Android moved to No. 1 ahead of Java Micro Edition, according to the Q2 report. Out of about 1,200 mobile malware samples that McAfee Labs collected and analyzed, about 60% were aimed at Android. While total mobile malware is still but a tiny fraction in comparison with the amount of malware targeting PCs, McAfee says the trend is clear that Android is the favorite mobile target.
It's not surprising malware writers are going after Android, since phones running the software are growing in popularity. Research firm Canalys calculates 51.9 million Android-based phones shipped in the last quarter, accounting for 48% of all smartphones shipped.
McAfee says it now collects about 2 million new samples of malware every month, and is on track for its "cumulative malware 'zoo' collection to reach 75 million samples by year's end."
In its latest report, McAfee notes that among the plague of malware, the fake antivirus software problem is now hitting even the Mac. "This puts the Apple platform squarely in the crosshairs of malware authors. It will be interesting to see if this type of malware makes its way to the iPhone and iPad as well. It is probably a case of 'when' rather than 'if.'"

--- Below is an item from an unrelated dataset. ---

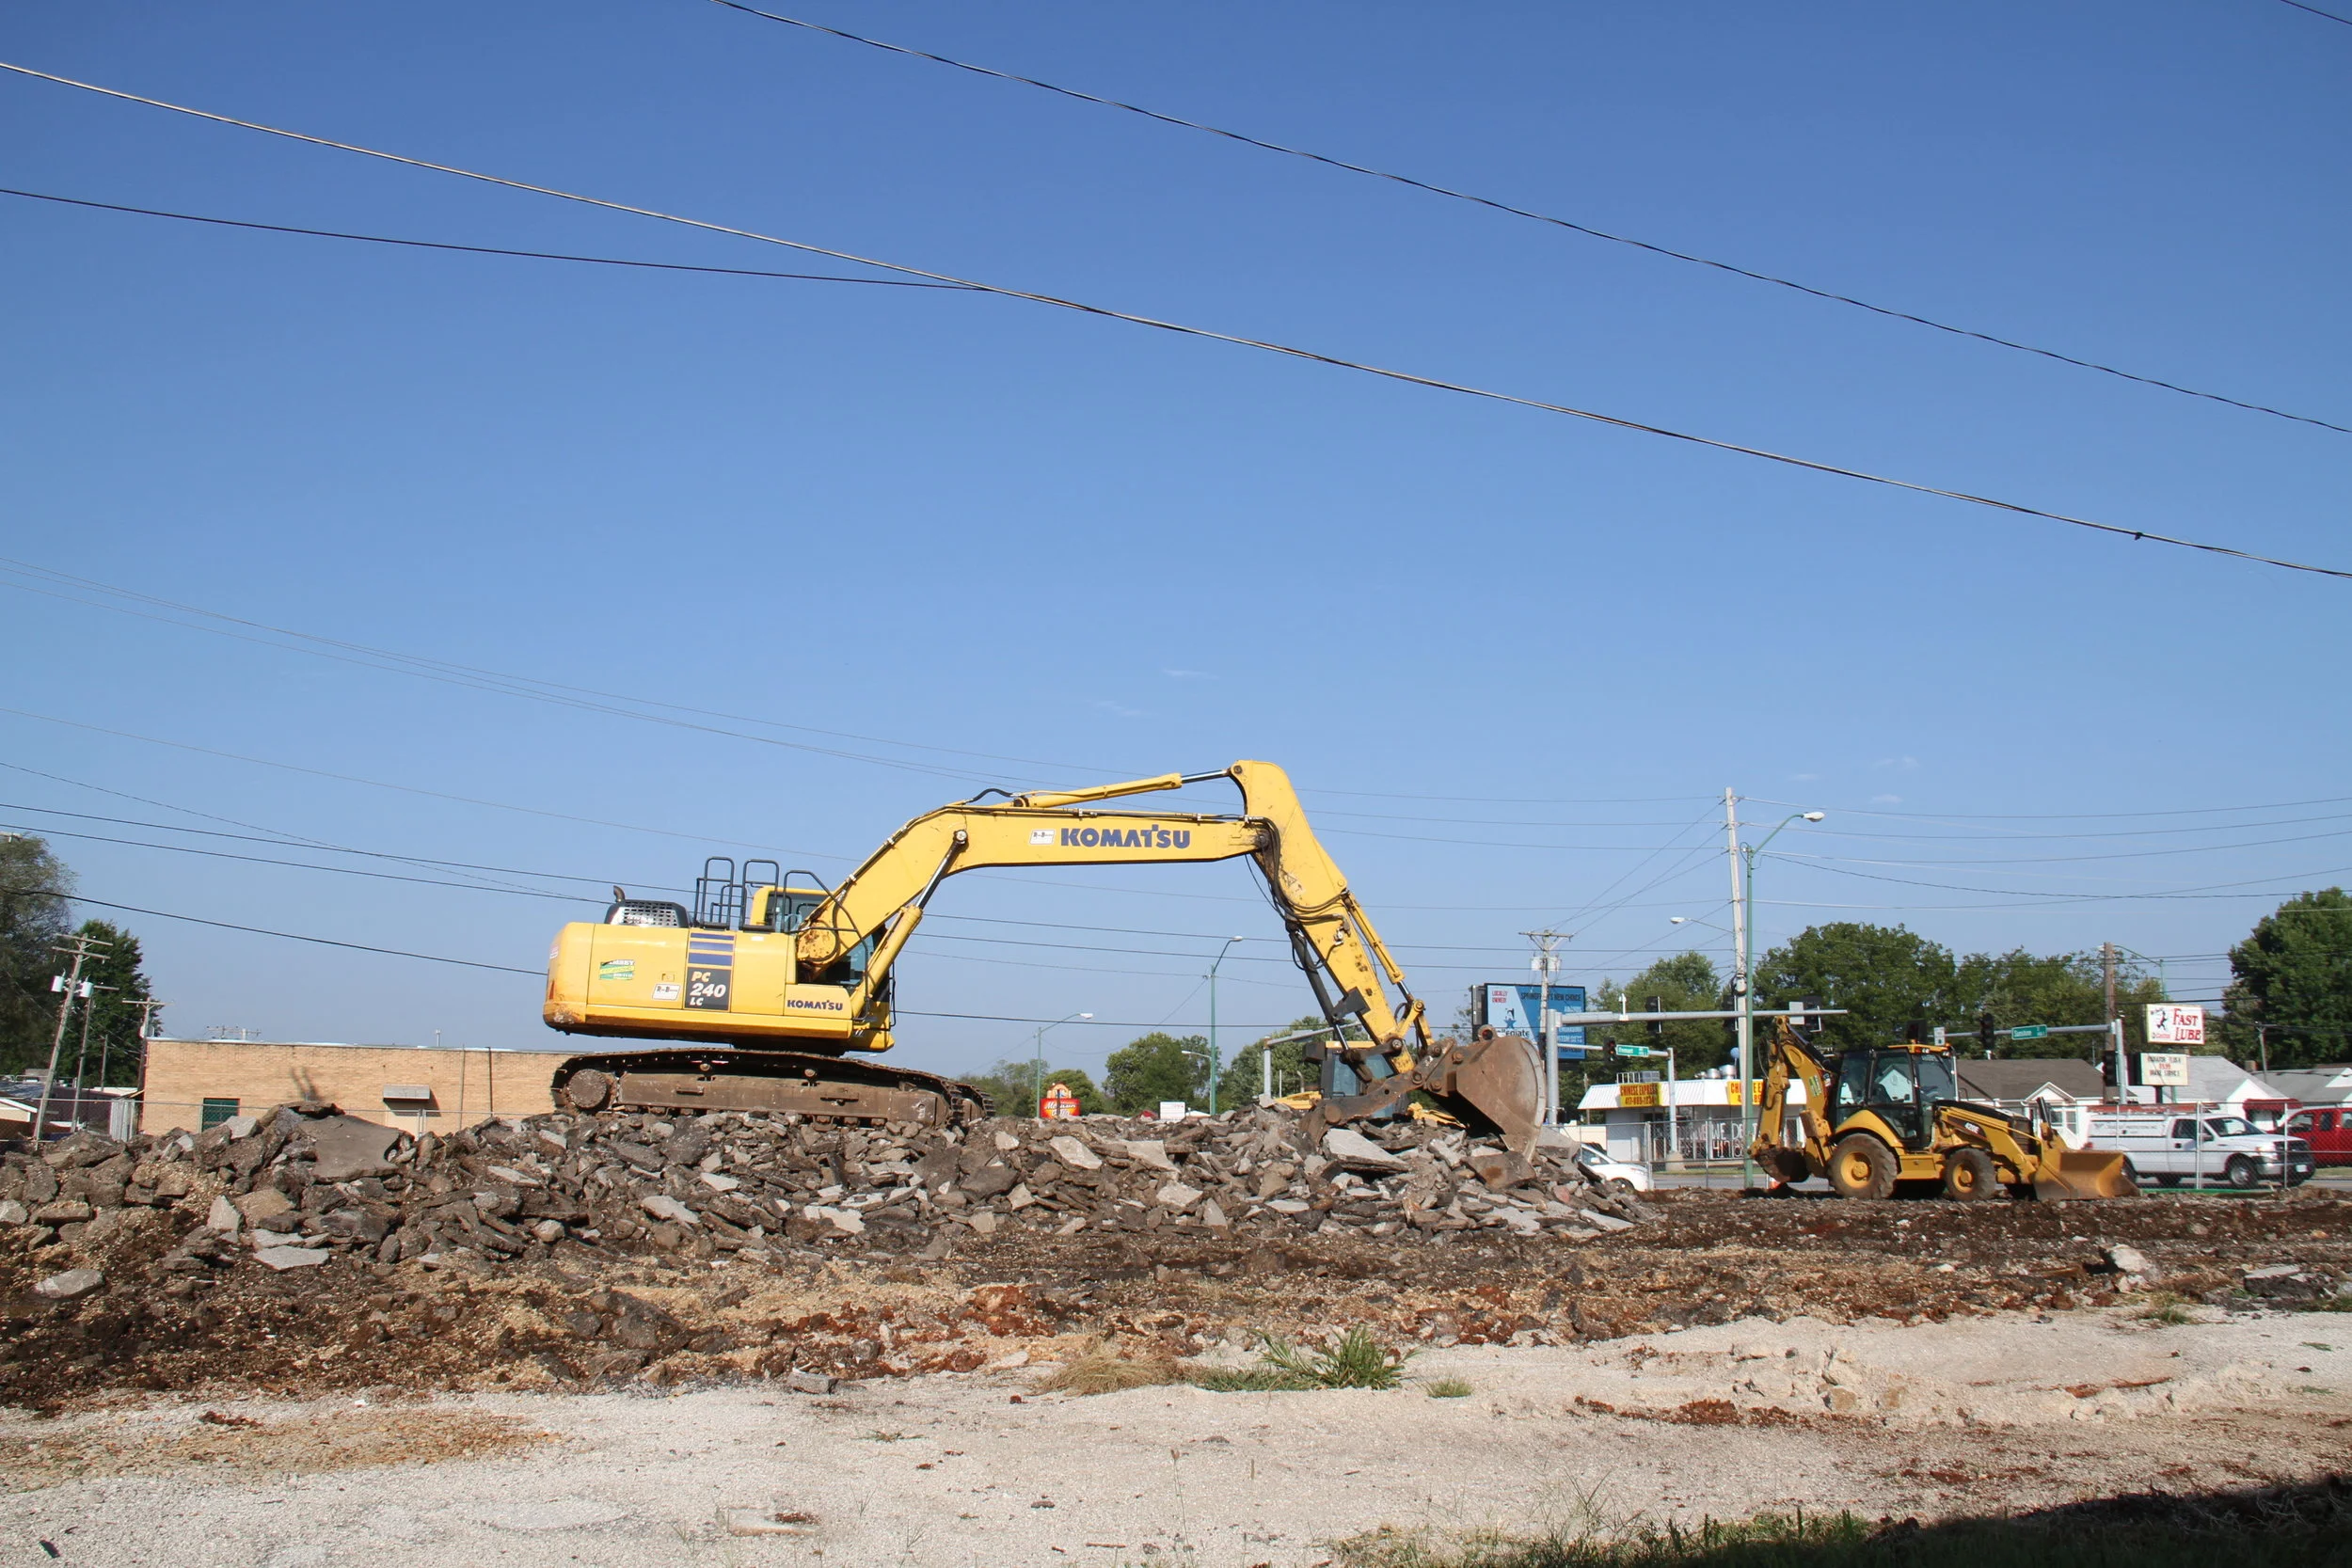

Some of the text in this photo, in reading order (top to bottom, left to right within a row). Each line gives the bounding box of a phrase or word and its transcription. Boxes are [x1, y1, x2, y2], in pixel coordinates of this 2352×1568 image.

Rootkits, another type of malware, are also up overall. "Rootkits have seen their busiest-ever six months, up almost 38% over 2010," McAfee reports. "Two of the busiest rootkits that we encounter are Koutodoor and TDSS. Both are nasty and hide malware to steal data."
One trend noticed for several quarters now is that "malware authors prefer to write exploits that target vulnerabilities in Adobe products as opposed to those in Microsoft products." In June alone, according to the report, McAfee identified 14,000 exploits aimed at Adobe software, but only a "couple of hundred" aimed at Microsoft products, says Toralv Dirro, security strategist at McAfee Labs.
McAfee surmises the reason for this is not because Adobe's technologies are more vulnerable or have more coding bugs than Microsoft's, but because of the popularity of Adobe worldwide. Dirro points out that it's often easier to use an Adobe exploit in Web-based attacks because Adobe applications and PDFs are more easily visible to the attacker from the website.